Clark, who has had both stronger fundraising and and a much better staff and field support than any of her predecessors, has managed to hold her own, using web ads, the local media, and Bachmann's own tendencies to prioritize national media appearances on conservative outlets like Fox News over attending local events in her own district. Support throughout her campaign by former President Bill Clinton has continued to keep both Clark's profile and her fundraising numbers high, and help to get her closer to equal footing with the congresswoman.
Many in Minnesota recognize that this is likely the last, best chance for any Democrat to beat The Bachmann. Clark is easily recognized as the most formidable challenger that could have been found for Bachmann, with great fundraising and an well-organized, efficient campaign. An open and contentious governor's race in the state is also expected to boost voter numbers, something that inherently benefits Democrats, especially in a progressive-leaning state like Minnesota. Should Bachmann win once more, she would be serving her third term in Congress, adding to her seniority and power, and the local Democrats would frankly be running very low on high-quality candidates to run against her. And with redistricting a likelihood for the state in 2010, there is a possibility that the remarkably gerrymandered district could be reabsorbed into other adjacent districts, diluting what currently is the most conservative district in the state.

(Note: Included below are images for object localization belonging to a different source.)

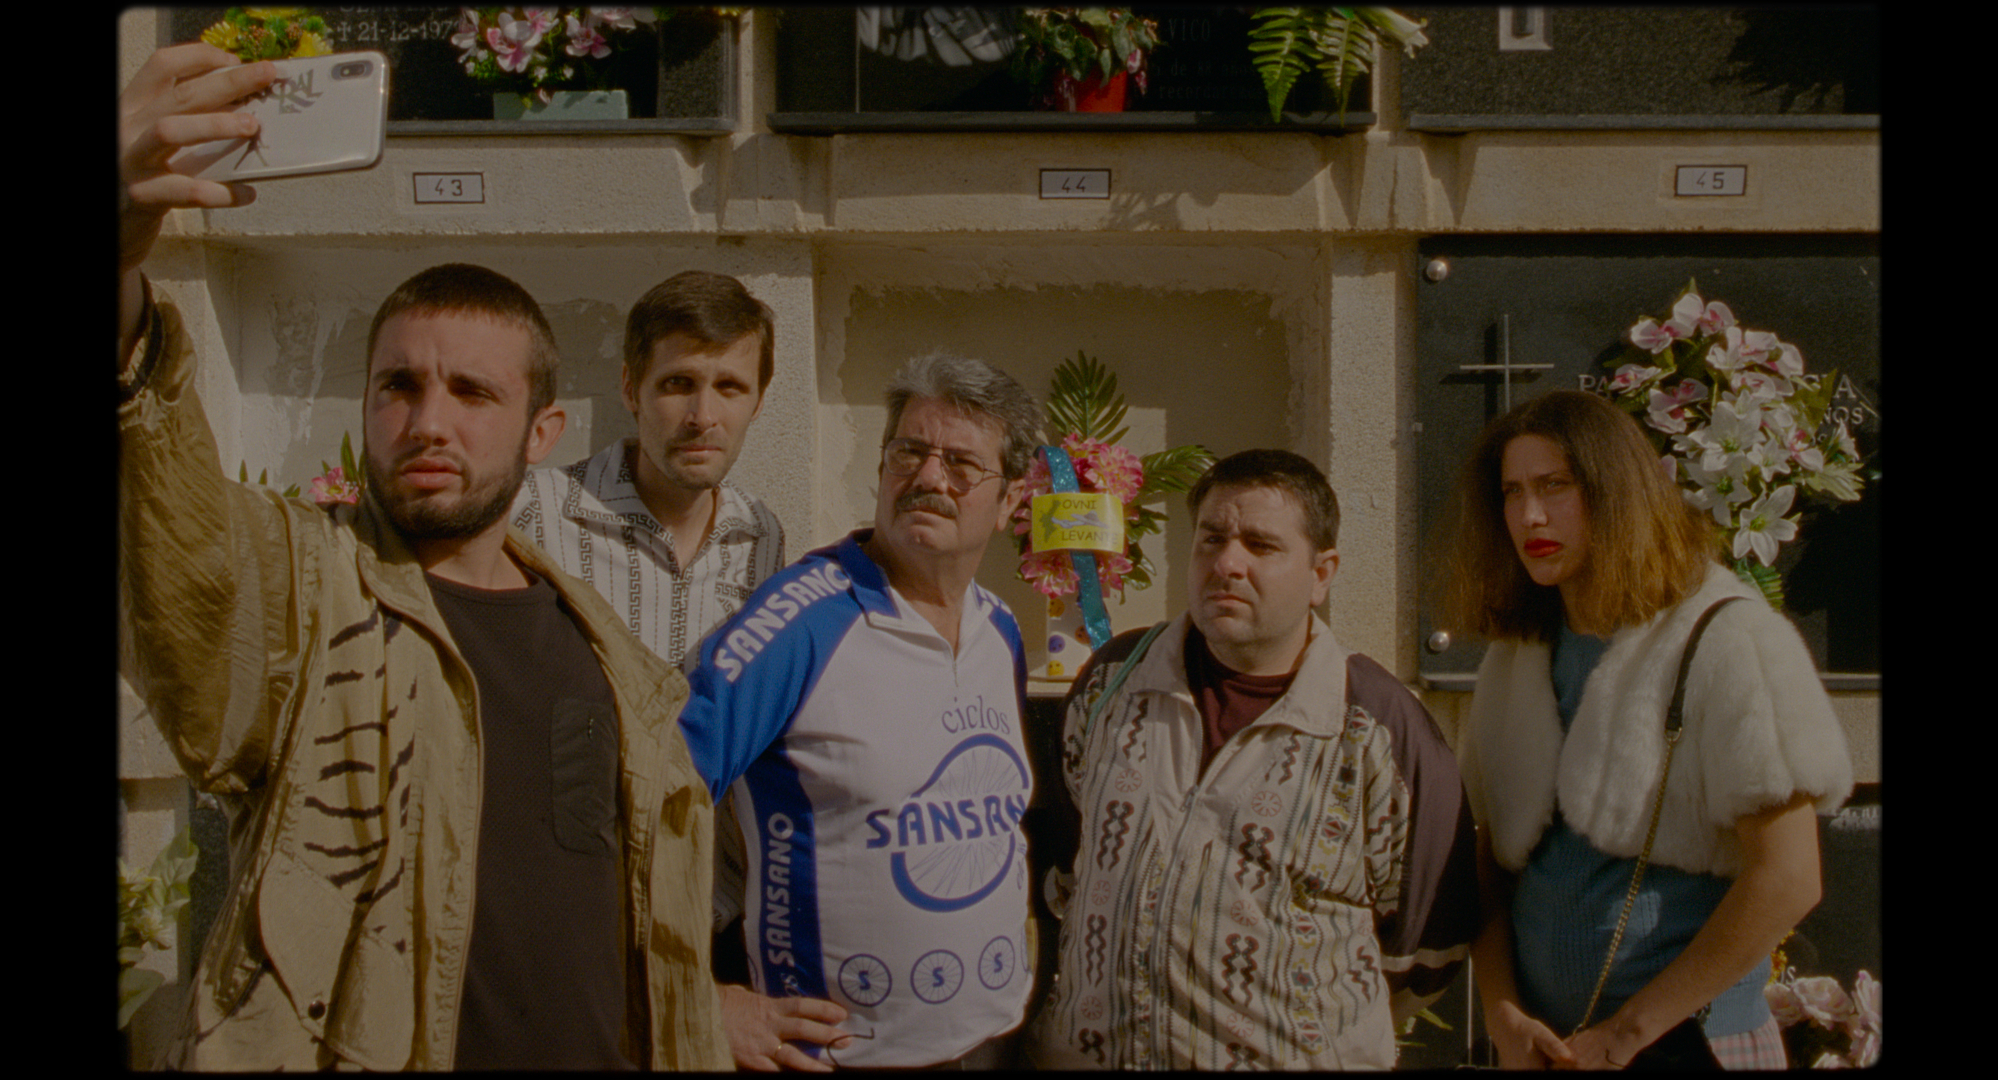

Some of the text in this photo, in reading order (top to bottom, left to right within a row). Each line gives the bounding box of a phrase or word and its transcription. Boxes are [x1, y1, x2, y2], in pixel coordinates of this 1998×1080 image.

[434, 178, 463, 197] 43
[1061, 176, 1086, 194] 44
[1696, 171, 1725, 190] 45
[1062, 499, 1097, 510] OVNI
[941, 695, 1010, 735] ciclos
[866, 793, 1027, 850] SANSAN
[766, 811, 796, 968] SANSANO
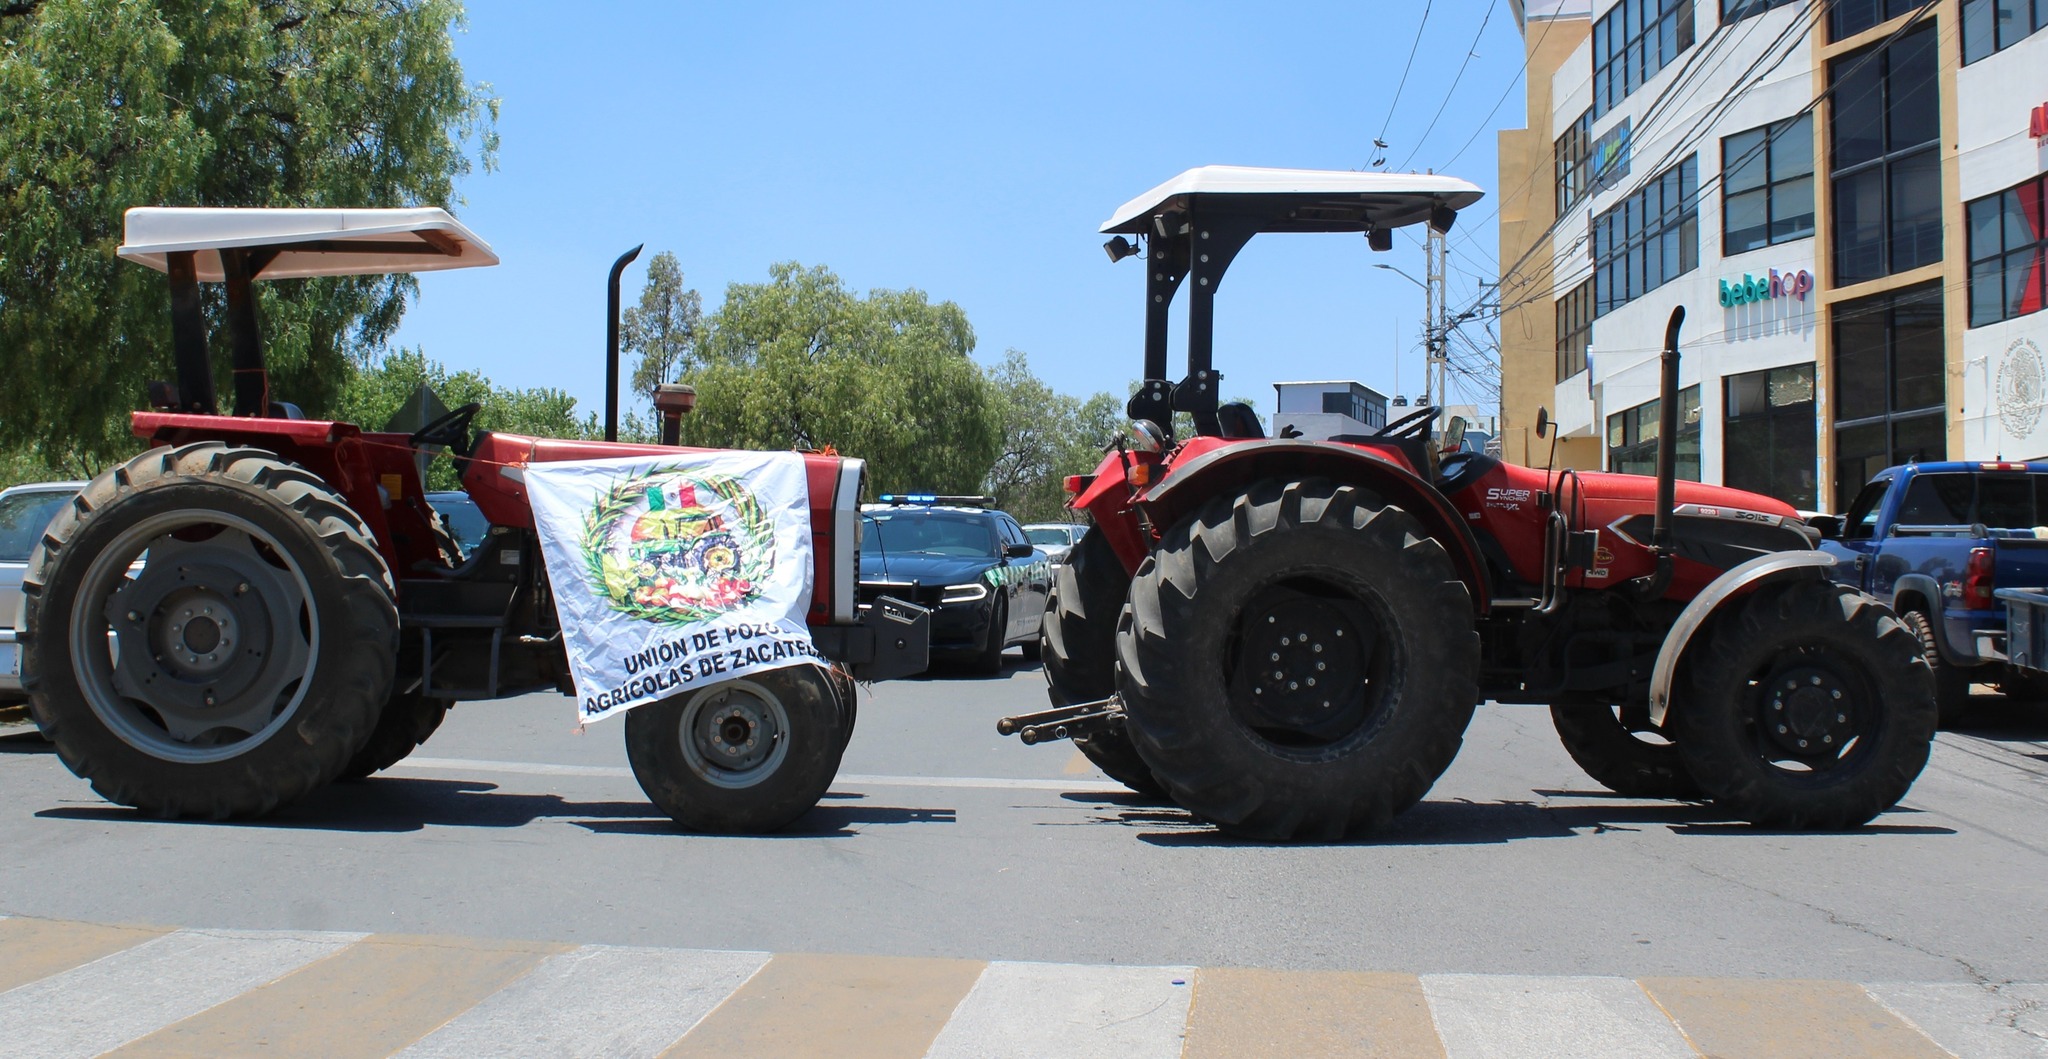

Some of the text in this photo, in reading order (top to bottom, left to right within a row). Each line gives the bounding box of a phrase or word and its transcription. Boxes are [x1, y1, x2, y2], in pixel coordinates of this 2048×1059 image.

[1718, 267, 1813, 308] bebehop
[1486, 488, 1530, 500] SUPER
[624, 638, 688, 675] UNIÓN
[692, 629, 721, 652] DE
[587, 663, 694, 715] AGRÍCOLAS
[698, 654, 727, 677] DE

Yesterday, only seven days before the election, Clark and Bachmann met for the first time in a public debate, which included Independence Party candidate Bob Anderson. The first of three debates Bachmann agreed to participate in, all scheduled for this week, was sponsored by the St. Cloud Rotary Club and moderated by the Chamber of Commerce and focused on issues important to small businesses.
The debate was sometimes heated, sometimes formally polite, and focused as much as possible on what Bachmann described as "the three most important issues in the campaign: jobs, more jobs, and even more and better jobs." The roughly 500 people in the audience, a majority of whom, according to one Fox reporter covering the event, appeared to be Clark supporters, attempted to hold back their applause and in some cases jeers as the three candidates sparred on job creation, health care reform, card check, entitlement programs, and even how to work better with the deaf and hard of hearing or other disabled groups.
Bachmann spent a great deal of the debate reiterating a few key points: her background as a small business owner with her husband, the fact that they used to sell and flip homes, using the equity to build up their business, her background in tax law, and that Democratic Speaker of the House Nancy Pelosi is targeting her personally. Bachmann emphasized a need to "keep money in our pockets" rather than ship sixth district funds off to Washington via taxes.
Bachmann also seemed to shock many in the audience by criticizing former president George W. Bush for what she saw as wasteful spending that upped the deficit, and stating that she initially agreed with some of Obama's plans for reducing the deficit. She then accused the president of taking the $1.2 trillion debt to $1.4 trillion due to bailouts and other unnecessary spending that will have to be paid off by our children and grandchildren."We are looking at a remarkably lower standard of living for the next generation."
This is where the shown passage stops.